The work is painted on a mahogany panel, primed with a white ground, and measures 49.5 × 59.7 cm. It may have been painted wet-on-wet on a second ground, with graphite underdrawing. The paint is thinly applied in some areas to enhance the reflective effect of the white ground, but thickly applied in others. The woman's blue dress is painted with two blue pigments, Prussian blue and ultramarine.

The painting is packed with details that help the viewer to read the narrative of the work from Tennyson's poetry. The autumn leaves indicate a story about waiting and the passage of time. The woman's arched back makes it seem like she has been sitting too long and she must stand up to stretch before she sits back at her work, but her posture also emphasises her bust and hips. The roll of completed embroidery on the table gives the viewer a clue as to how long Mariana has been working on it.

The altar in the background may be a reference to Mariana's fervent prayers to the Virgin Mary in "Mariana in the South". The stained glass in the window shows an Annunciation scene, with the Angel Gabriel and the Virgin Mary, based on a window at the east end of the chapel of Merton College, Oxford, and also an invented coat of arms with a snowdrop and the Latin motto "In coelo quies" ("In Heaven there is rest"), possibly a reference to the feast of St Agnes' Eve and John Keats's poem The Eve of St Agnes.

Many of the details in the painting relate directly to Tennyson's poetry. For example, the little mouse in the bottom right corner is a detail directly from the poem: "the mouse behind the mouldering wainscots shriek'd or from the crevice peer'd about". An anecdote reports that the mouse was drawn from life – or rather death, as it was killed by Millais after it scurried across the floor and hid behind some furniture so he could immortalise it.

Together, Millais's painting and Tennyson's poem create an intriguing storyline for the reader to follow. However, Millais's painting departs from Tennyson's narrative in some respects. The Mariana depicted by Millais is placed in a scene filled with vibrant colours; she is not the forlorn woman described by Tennyson, unwilling to live an independent life, confined to a dilapidated retreat, with a "mouldering wainscots".

In turn, Millais's painting inspired Elizabeth Gaskell's 1853 novel, Ruth. Tennyson's Mariana and Gaskell's main character Ruth are both sensitive to the sounds around them and constantly look out of their windows in an image that represents their imprisonment within their homes. The image of Mariana used by Tennyson and the later works is equally of a weary woman.

==Reception==
The painting was first exhibited in 1851, the year after Millais's painting Christ In The House Of His Parents had been heavily criticised by art critics and the public.

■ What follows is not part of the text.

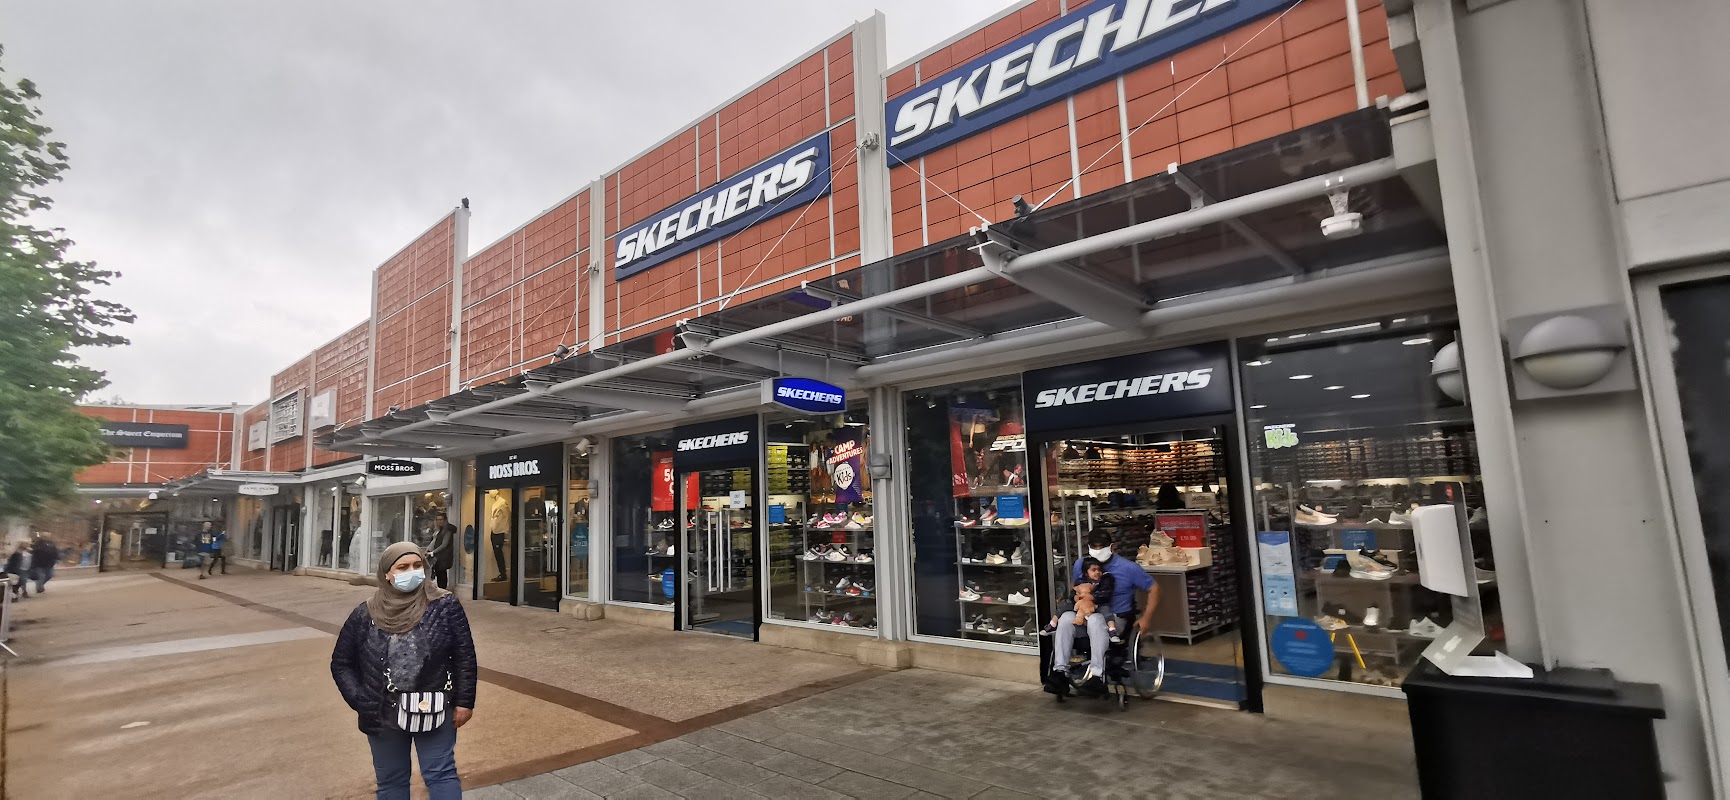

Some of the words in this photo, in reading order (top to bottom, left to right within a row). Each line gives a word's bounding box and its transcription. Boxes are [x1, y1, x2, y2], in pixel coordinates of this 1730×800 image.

In 1851, Ruskin wrote in defence of the PRB that it "lays in our England the foundations of a school of art nobler than the world has seen for 300 years". He wrote on 9 May that " there is not a single study of drapery in the whole Academy, be it in large works or small, which for perfect truth, power, and finish, could be compared for an instant with … with the white draperies on the table in Mr. Millais' "Mariana" … And further: that as studies both of drapery and of every minor detail, there has been nothing in art so earnest or so complete as these pictures since the days of Albert Durer."

The painting was accepted in lieu of £4.2m of inheritance tax payable on the estate of Roger Makins, 1st Baron Sherfield, who died in 1996. It was allocated to the Tate Gallery in 1999, when it was described as "arguably the greatest Pre-Raphaelite painting"

The Makin Collection of Victorian paintings and drawings, which includes works by artists such as Millais, Holman Hunt, Rossetti, and Burne-Jones, was inherited by his son Christopher Makins and transferred to his residence in Washington, DC. The collection was begun by Henry Francis Makins (1841–1914), a friend of Millais, and enlarged by Roger, his grandson.

The Victoria & Albert Museum holds an 1850 study in pen and ink on paper.